O cardápio e o caloroso sotaque italiano de Mário, o dono do Tatini, poderiam levar a uma leitura apressada de que a escolha do local se deve ao fato de que o psicanalista é um homem que busca manter suas raízes. Não é tão simples. Se aos 4 anos ele pediu para falar inglês, aos 14 fugiu para Londres atrás de uma canadense, mais tarde se casou com uma americana e depois esteve em tantos lugares diferentes, não foi, talvez, por acaso. "Meu pai era um resistente antifascista, havia uma certa dificuldade, um conflito na minha relação com a Itália, que quando eu nasci já não era fascista, mas era um país que durante muitos anos tinha perseguido o meu pai, tentado matá-lo. Nasci e cresci num conflito grande com minha própria identidade nacional", lembra ele, que ficou sem ir ao país natal por anos na década de 90 depois da morte dos pais.
A ficção, diz ele, tem também esse propósito. "Uma ficção se constrói a partir de pequenos elementos da sua vida, sobretudo aqueles que você não conseguiu costurar direito, porque a ficção serve para isso. Você costura as coisas, de uma maneira ou outra, dá um destino." E assim nasceu seu livro mais recente, "A Mulher de Vermelho e Branco".
"Tinha coisas das quais eu estava a fim de falar, algumas experiências suspensas, enigmáticas. Tive mesmo uma paciente que se vestia de vermelho e branco e eu ficava me perguntando se era louca ou não durante certo tempo - mas a história não tem nada a ver [com a do livro]. Eu tive um paciente que foi assassinado e nessa ocasião eu colaborei com a polícia.
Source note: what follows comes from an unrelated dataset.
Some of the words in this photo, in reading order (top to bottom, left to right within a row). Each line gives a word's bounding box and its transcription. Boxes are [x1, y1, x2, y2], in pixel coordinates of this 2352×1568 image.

E também tive, de fato, uma relação com uma refugiada vietnamita nos anos 70, em Paris, então certamente aquela lembrança me inspirou", conta o criador de Carlo Antonini, personagem central e - mais uma vez: nenhum acaso aqui - psicanalista dos dois primeiros romances publicados e de um terceiro que está sendo gestado.
Em meio a tantas viagens e domicílios distintos, ele acabou se desfazendo das obras mais antigas e hoje se dedica mais aos artistas brasileiros. "As coisas que eu tinha mais antigas, até o século XIX, eu acabei vendendo. O que tenho hoje são obras contemporâneas, quase todas brasileiras", diz ele, que é um frequentador de galerias.
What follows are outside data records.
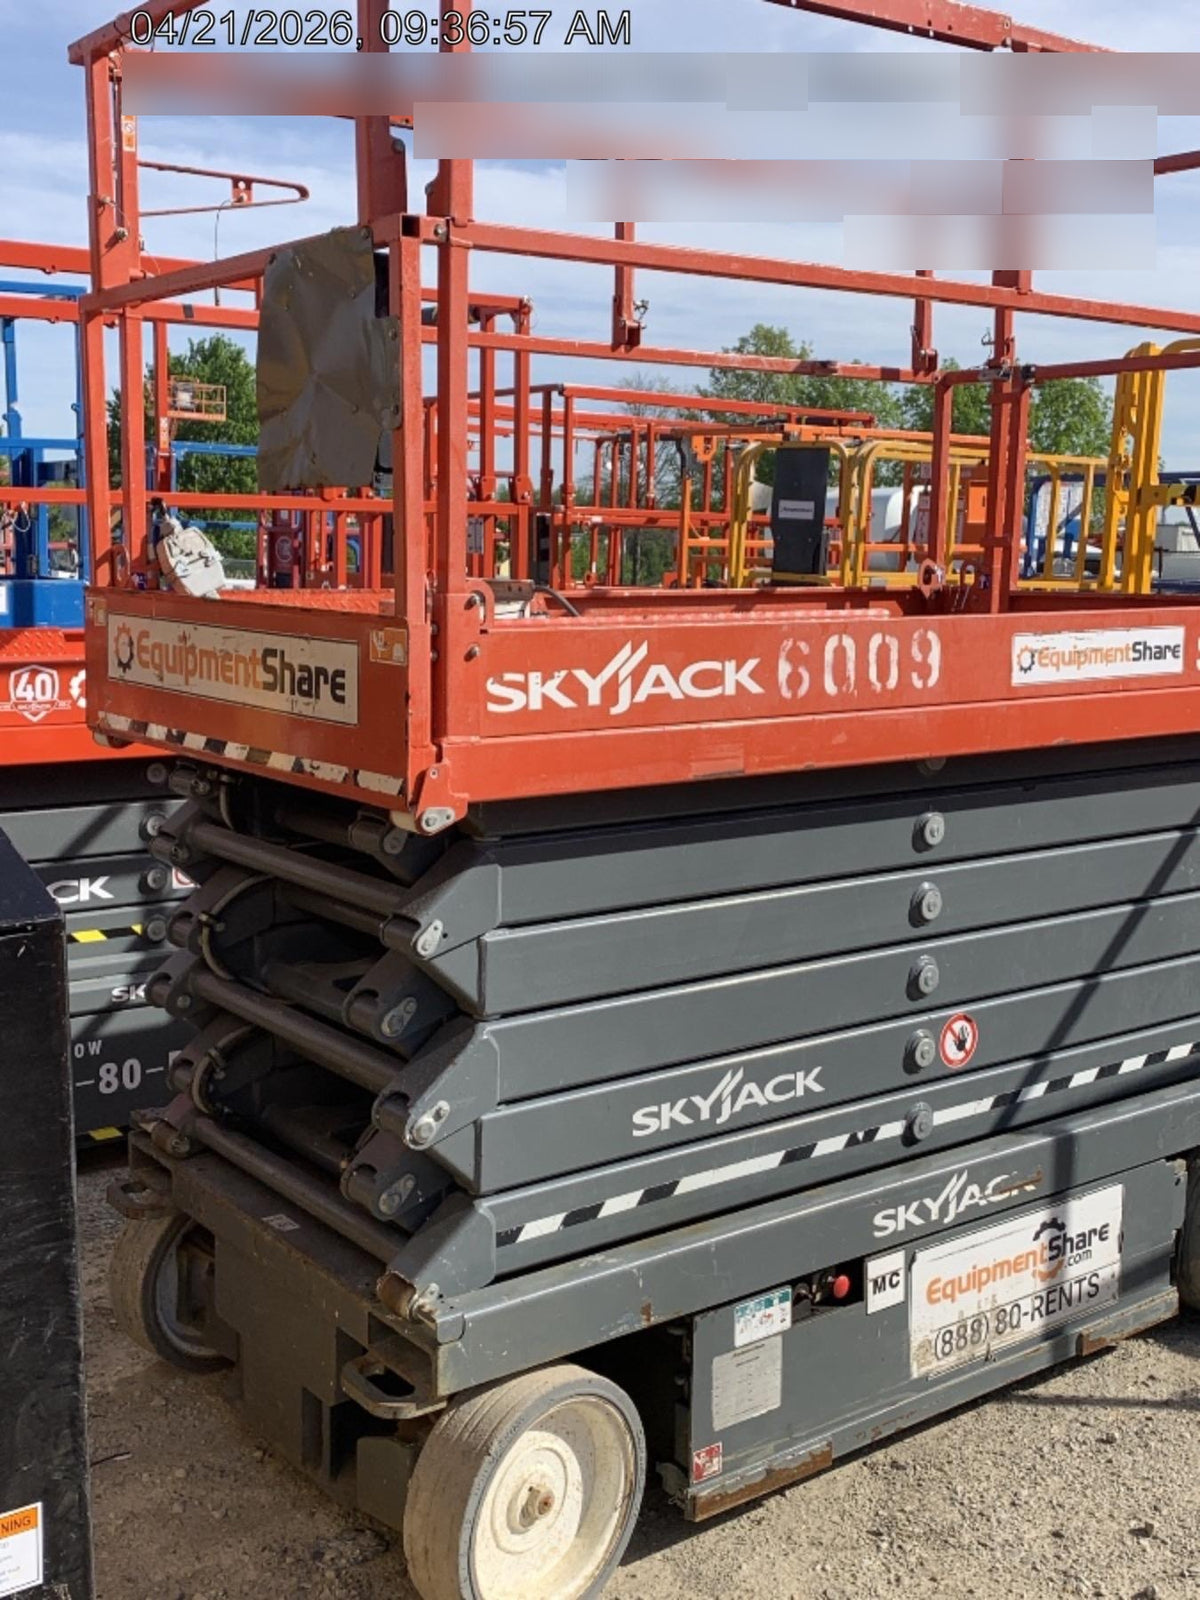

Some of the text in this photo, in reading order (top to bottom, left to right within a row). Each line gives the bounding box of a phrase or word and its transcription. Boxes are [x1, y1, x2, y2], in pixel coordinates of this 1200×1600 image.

[15, 672, 53, 702] 40
[137, 629, 346, 704] EquipmentShare
[486, 640, 765, 715] SKYJACK
[778, 628, 941, 700] 6009
[1037, 640, 1181, 672] EquipmentShare
[632, 1066, 826, 1137] SKYJACK
[872, 1272, 901, 1296] MC
[926, 1222, 1110, 1306] EquipmentShare
[934, 1272, 1100, 1361] (888) 80-RENTS
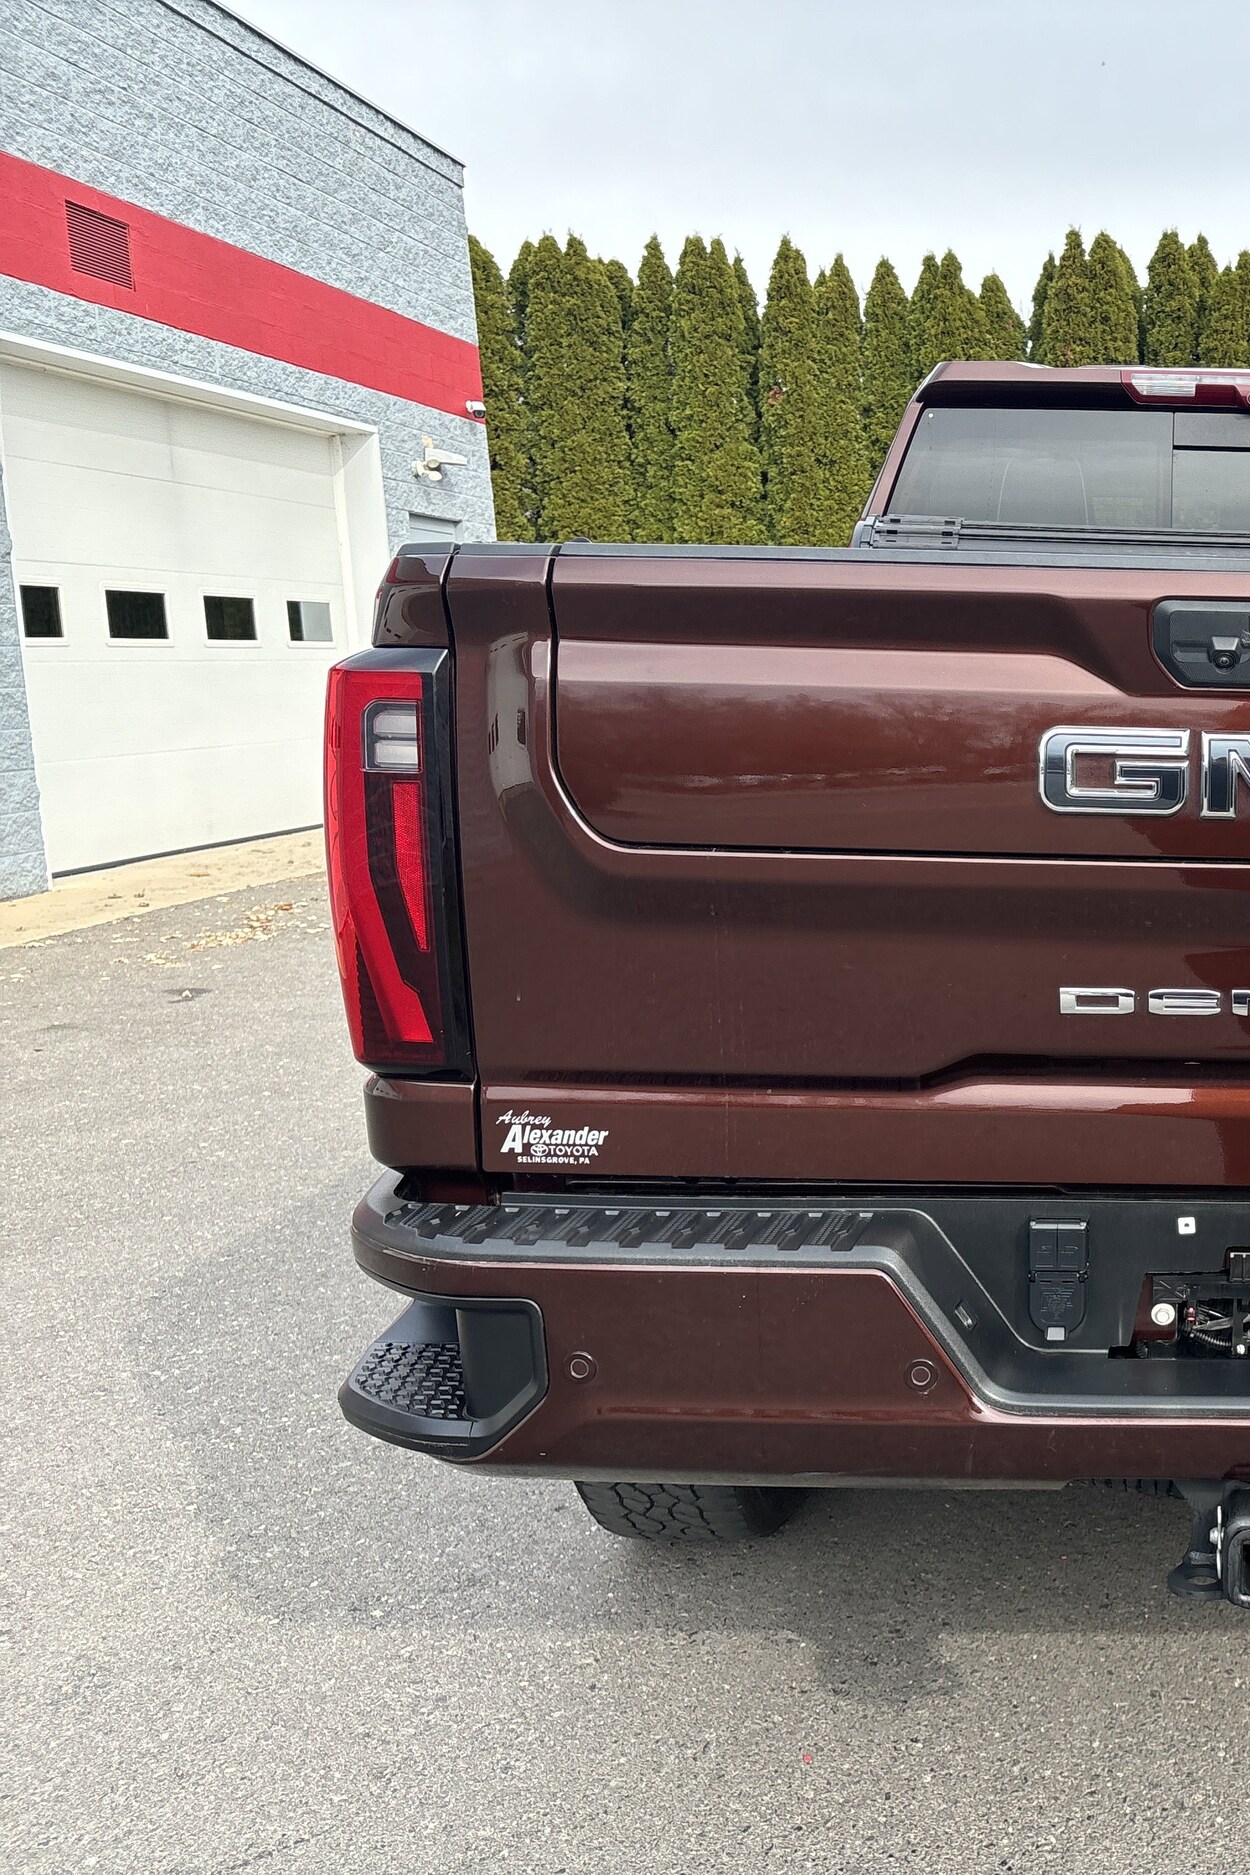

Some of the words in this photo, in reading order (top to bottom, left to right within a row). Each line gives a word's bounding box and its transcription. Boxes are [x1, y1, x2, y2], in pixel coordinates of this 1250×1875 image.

[495, 1109, 552, 1129] Aubrey
[499, 1124, 609, 1154] Alexander
[548, 1145, 599, 1157] TOYOTA
[517, 1155, 577, 1166] SELINSGROVE,
[578, 1157, 590, 1165] PA
A contemporaneidade, aliás, é algo, logo se percebe, caro ao psicanalista. Embora não veja problemas em esbarrar num certo tipo de nostalgia, há outros que podem ser menos inofensivos. Se o assunto são as angústias e dilemas da sociedade atual, ele costuma se apressar a dizer que "evita culpar os tempos". "Quando a gente diz sinal dos tempos, está sempre sendo hipocritamente trágico, como se falasse 'ah, meu deus, para onde fomos?'. Acho que fomos para um lugar imensamente melhor que os lugares nos quais já estivemos - e estou falando como espécie -; então, não tenho nostalgia de um passado que não vivi nem do passado que eu vivi. É muito melhor ter celular, internet."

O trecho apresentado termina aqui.